======== Provided data

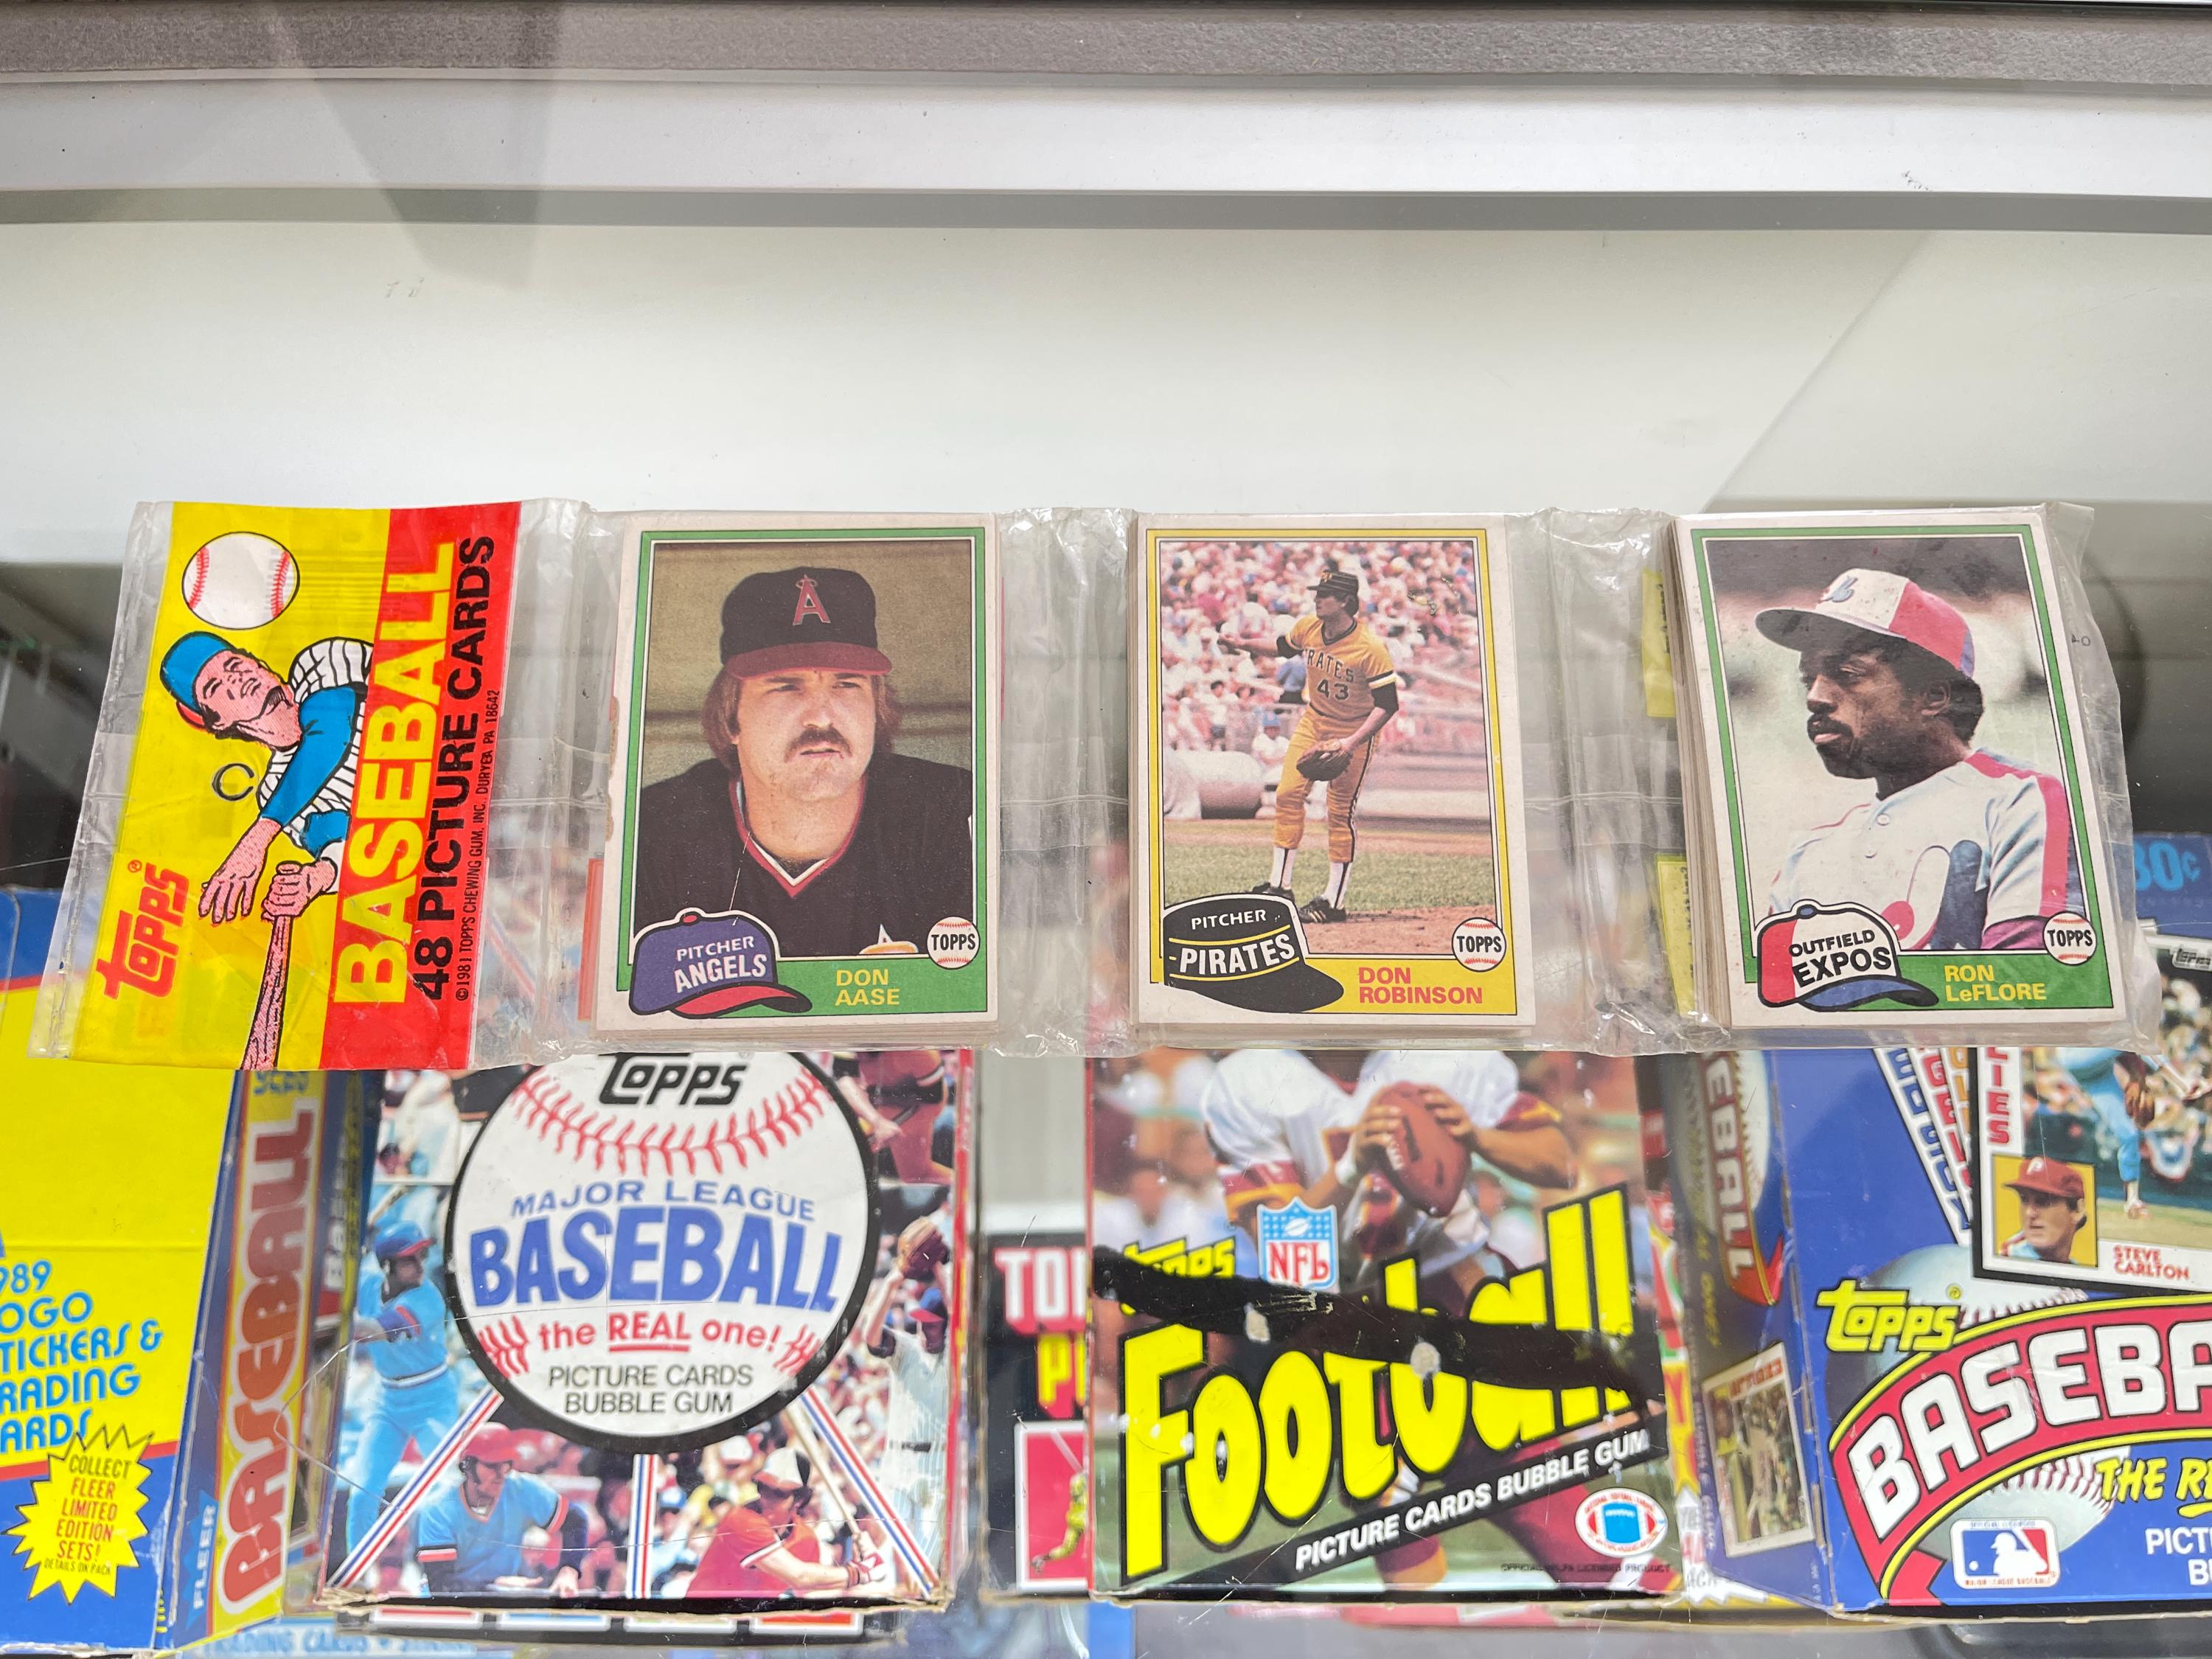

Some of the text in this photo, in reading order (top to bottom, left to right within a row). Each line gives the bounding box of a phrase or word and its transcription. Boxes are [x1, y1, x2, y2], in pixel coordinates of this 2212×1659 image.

[1305, 648, 1354, 682] RATES
[1317, 679, 1349, 700] 43
[486, 689, 500, 723] 18642
[483, 729, 495, 744] PA
[334, 542, 455, 1004] BASEBALL
[413, 535, 495, 1001] 48 PICTURE CARDS
[462, 860, 481, 914] CHEWING
[1191, 909, 1267, 931] PITCHER
[459, 917, 476, 953] TOPPS
[931, 933, 976, 950] TOPPS
[1457, 936, 1502, 953] TOPPS
[1788, 929, 1875, 957] OUTFIELD
[2047, 928, 2093, 947] TOPPS
[677, 936, 754, 961] PITCHER
[1179, 933, 1295, 975] PIRATES
[674, 951, 768, 993] ANGELS
[835, 969, 888, 987] DON
[1358, 967, 1411, 984] DON
[1792, 947, 1892, 988] EXPOS
[1944, 964, 1994, 982] RON
[835, 989, 900, 1006] AASE
[1359, 987, 1483, 1004] ROBINSON
[1945, 983, 2048, 1002] LeFLORE
[511, 1180, 815, 1222] MAJOR LEAGUE
[470, 1205, 842, 1313] BASEBALL
[1265, 1239, 1329, 1284] NFL
[2112, 1245, 2160, 1261] STEVE
[2113, 1261, 2190, 1280] CARLTON
[1817, 1279, 1961, 1353] Topps
[139, 1319, 164, 1352] &
[538, 1312, 782, 1352] the REAL one!
[222, 1108, 316, 1609] BASEBALL
[549, 1365, 754, 1389] PICTURE CARDS
[565, 1391, 732, 1416] BUBBLE GUM
[69, 1454, 131, 1480] COLLECT
[72, 1477, 116, 1499] FLEER
[2096, 1458, 2167, 1503] THE
[61, 1498, 117, 1522] LIMITED
[1294, 1430, 1649, 1572] PICTURE CARDS BUBBLE GUM
[56, 1518, 114, 1543] EDITION
[58, 1540, 101, 1562] SETS!
[192, 1504, 217, 1610] FLEER
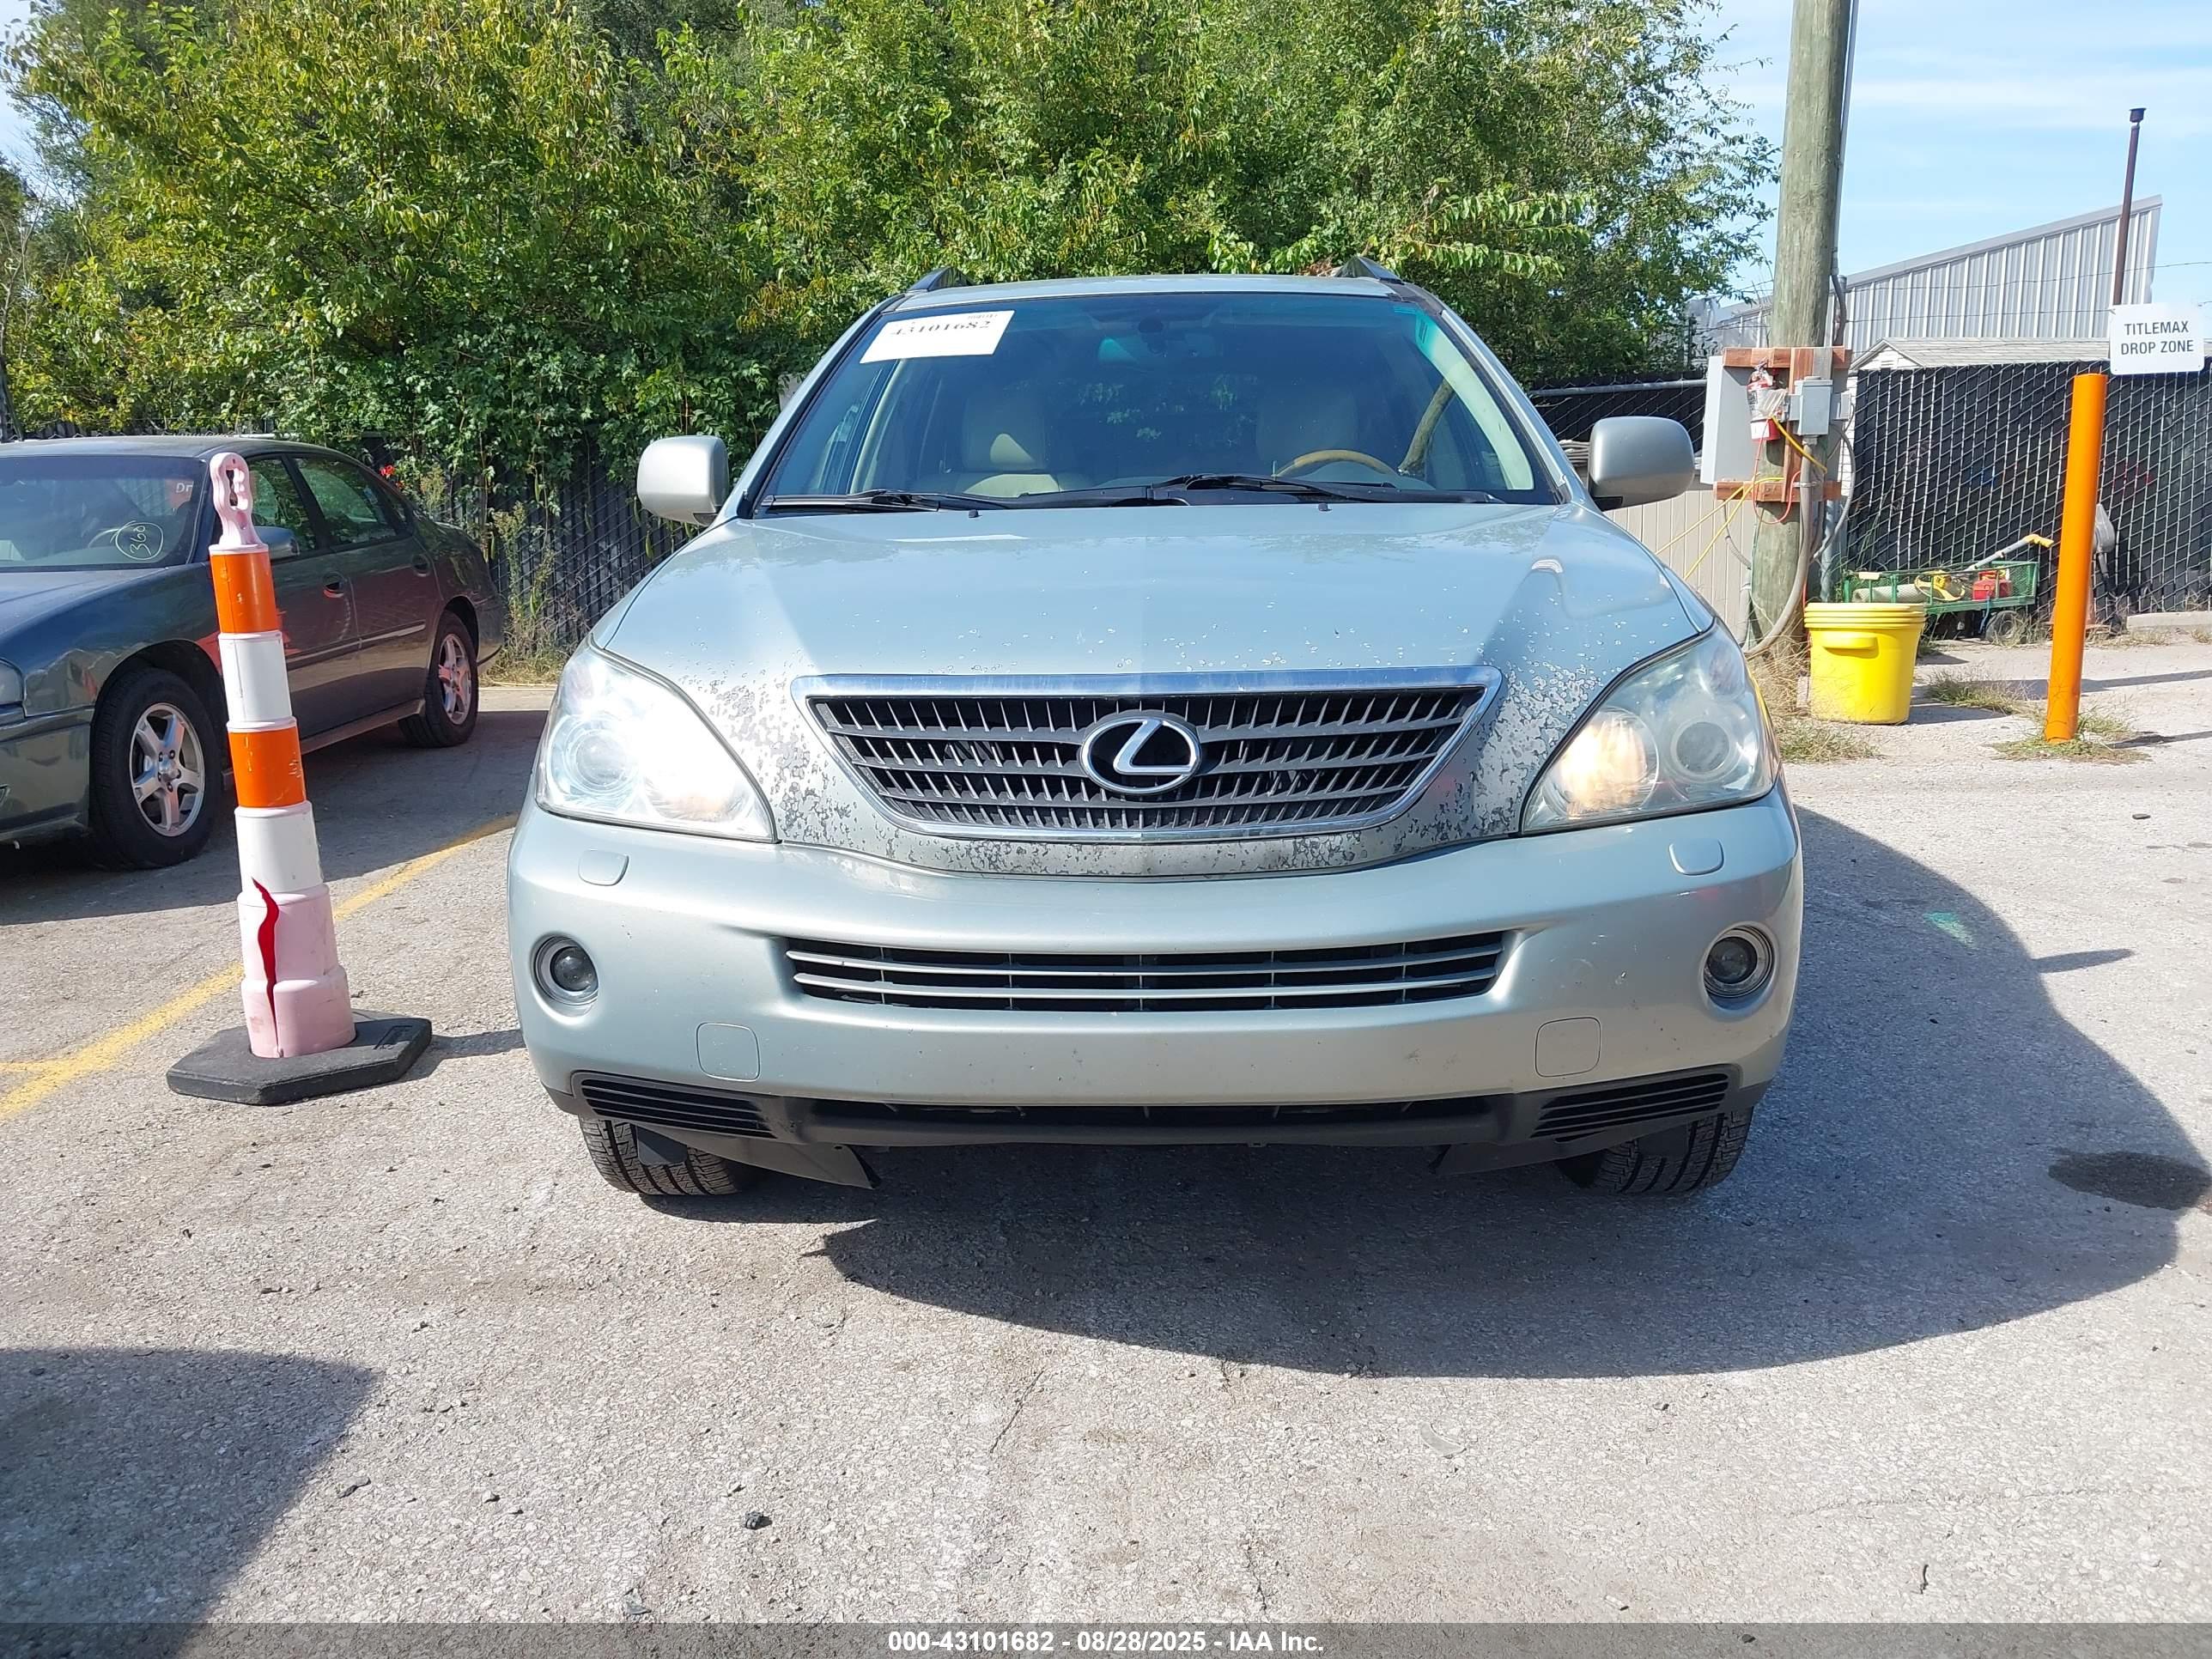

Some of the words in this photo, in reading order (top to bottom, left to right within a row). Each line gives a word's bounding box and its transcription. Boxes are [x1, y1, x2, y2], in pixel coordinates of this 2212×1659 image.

[2124, 320, 2190, 336] TITLEMAX
[2121, 342, 2156, 356] DROP
[2160, 339, 2195, 353] ZONE

================

▶ _Work task_:
Set down all entries above again, exactly, without images.

▶ _Expected answer_:
Some of the text in this photo, in reading order (top to bottom, left to right within a row). Each line gives the bounding box of a phrase or word and its transcription. Boxes are [x1, y1, x2, y2], in pixel coordinates of this 2212×1659 image.

[1305, 648, 1354, 682] RATES
[1317, 679, 1349, 700] 43
[486, 689, 500, 723] 18642
[483, 729, 495, 744] PA
[334, 542, 455, 1004] BASEBALL
[413, 535, 495, 1001] 48 PICTURE CARDS
[462, 860, 481, 914] CHEWING
[1191, 909, 1267, 931] PITCHER
[459, 917, 476, 953] TOPPS
[931, 933, 976, 950] TOPPS
[1457, 936, 1502, 953] TOPPS
[1788, 929, 1875, 957] OUTFIELD
[2047, 928, 2093, 947] TOPPS
[677, 936, 754, 961] PITCHER
[1179, 933, 1295, 975] PIRATES
[674, 951, 768, 993] ANGELS
[835, 969, 888, 987] DON
[1358, 967, 1411, 984] DON
[1792, 947, 1892, 988] EXPOS
[1944, 964, 1994, 982] RON
[835, 989, 900, 1006] AASE
[1359, 987, 1483, 1004] ROBINSON
[1945, 983, 2048, 1002] LeFLORE
[511, 1180, 815, 1222] MAJOR LEAGUE
[470, 1205, 842, 1313] BASEBALL
[1265, 1239, 1329, 1284] NFL
[2112, 1245, 2160, 1261] STEVE
[2113, 1261, 2190, 1280] CARLTON
[1817, 1279, 1961, 1353] Topps
[139, 1319, 164, 1352] &
[538, 1312, 782, 1352] the REAL one!
[222, 1108, 316, 1609] BASEBALL
[549, 1365, 754, 1389] PICTURE CARDS
[565, 1391, 732, 1416] BUBBLE GUM
[69, 1454, 131, 1480] COLLECT
[72, 1477, 116, 1499] FLEER
[2096, 1458, 2167, 1503] THE
[61, 1498, 117, 1522] LIMITED
[1294, 1430, 1649, 1572] PICTURE CARDS BUBBLE GUM
[56, 1518, 114, 1543] EDITION
[58, 1540, 101, 1562] SETS!
[192, 1504, 217, 1610] FLEER

Some of the words in this photo, in reading order (top to bottom, left to right within a row). Each line gives a word's bounding box and its transcription. Boxes are [x1, y1, x2, y2], in pixel coordinates of this 2212×1659 image.

[2124, 320, 2190, 336] TITLEMAX
[2121, 342, 2156, 356] DROP
[2160, 339, 2195, 353] ZONE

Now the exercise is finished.